A multi-center, single-arm phase II trial (JAKARTA-2) evaluated fedratinib in myelofibrosis patients who were found to be resistant or intolerant to ruxolitinib (Jakafi), a JAK1/JAK2 inhibitor. In this second-line setting, fedratinib demonstrated clinically meaningful improvements in splenic response and total symptom score.

As previously reported, JAKARTA-2 was stopped prematurely due to a clinical hold placed on the fedratinib program by the U.S. Food and Drug Administration (FDA) after potential cases of Wernicke’s encephalopathy (WE) were reported in eight out of 877 patients receiving one or more doses (less than one percent of treated patients). The FDA removed the clinical hold in August 2017.

Based on the reported benefit risk profile of fedratinib from the JAKARTA-1 and JAKARTA-2 clinical trials, regulatory applications in myelofibrosis are planned beginning in the middle of 2018.

"Myelofibrosis is a disease with high unmet medical need as the number of patients who are ineligible for or become resistant to existing therapy continues to increase," said Nadim Ahmed, President, Hematology and Oncology for Celgene. "We believe fedratinib is uniquely positioned as a potential treatment for myelofibrosis and it provides strategic options for us to build leadership in this disease with luspatercept and other pipeline assets."

"We launched Impact Biomedicines and based on our thorough review of the data, fedratinib presents a compelling risk benefit profile in both treatment-naïve patients and patients who are resistant or intolerant to other JAK2 therapies," said Dr.

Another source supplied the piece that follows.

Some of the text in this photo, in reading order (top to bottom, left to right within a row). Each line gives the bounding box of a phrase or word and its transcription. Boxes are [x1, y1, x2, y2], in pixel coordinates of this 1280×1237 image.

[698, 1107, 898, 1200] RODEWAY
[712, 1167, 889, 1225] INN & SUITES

John Hood, Chief Executive Officer of Impact. "We believe Celgene is the ideal organization to follow through on our mission of maximizing fedratinib’s potential for patients with myelofibrosis."

Deal Terms

Under the terms of the agreement, Celgene will make an upfront cash payment of approximately $1.1 billion. In addition, Impact Biomedicines’ shareholders are eligible to receive contingent payments based on regulatory approval and sales-based milestones. The maximum aggregate amount payable for regulatory approval milestones is $1.4 billion relating to approvals for myelofibrosis and other indications. Starting from global annual net sales of $1.0 billion, aggregate tiered sales-based milestone payments could total a maximum of $4.5 billion if global annual net sales exceed $5.0 billion.

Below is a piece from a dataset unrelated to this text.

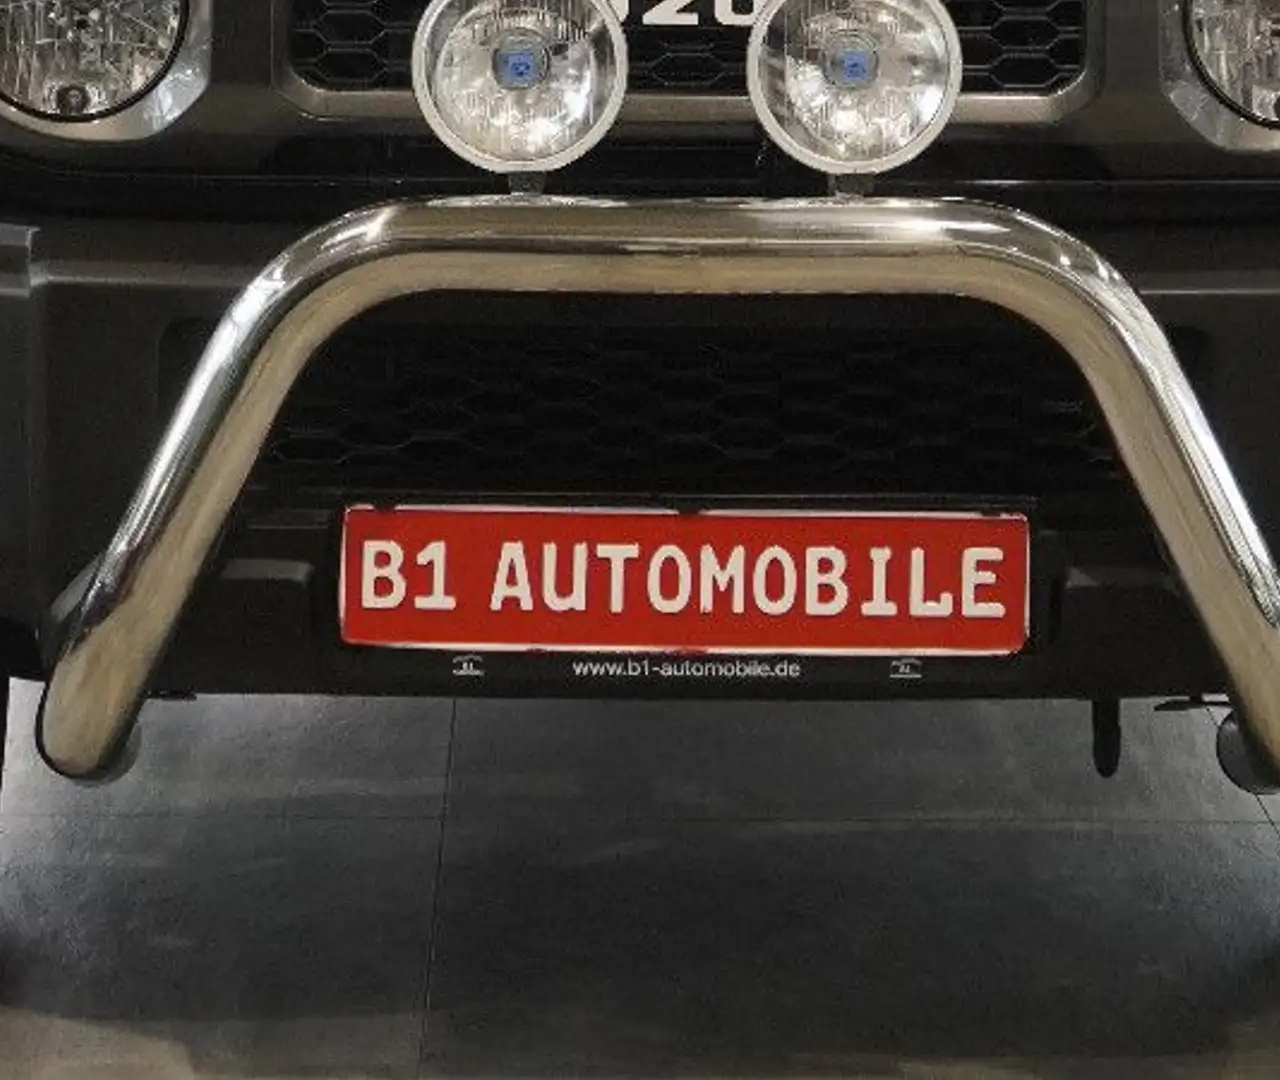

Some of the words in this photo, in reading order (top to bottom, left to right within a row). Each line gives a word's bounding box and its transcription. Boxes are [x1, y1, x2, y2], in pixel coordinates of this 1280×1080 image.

[360, 539, 457, 610] B1
[489, 540, 1006, 617] AUTOMOBILE
[572, 658, 801, 677] www.b1-automobile.de

Credit Suisse acted as financial advisor and Hogan Lovells acted as legal counsel to Celgene on the transaction. PJT Partners acted as exclusive financial advisor and Latham & Watkins acted as exclusive legal counsel to Impact Biomedicines on the transaction. The acquisition is subject to customary closing conditions and applicable waiting period under the Hart Scott Rodino Antitrust Improvements Act. The transaction is expected to close in the first quarter of 2018.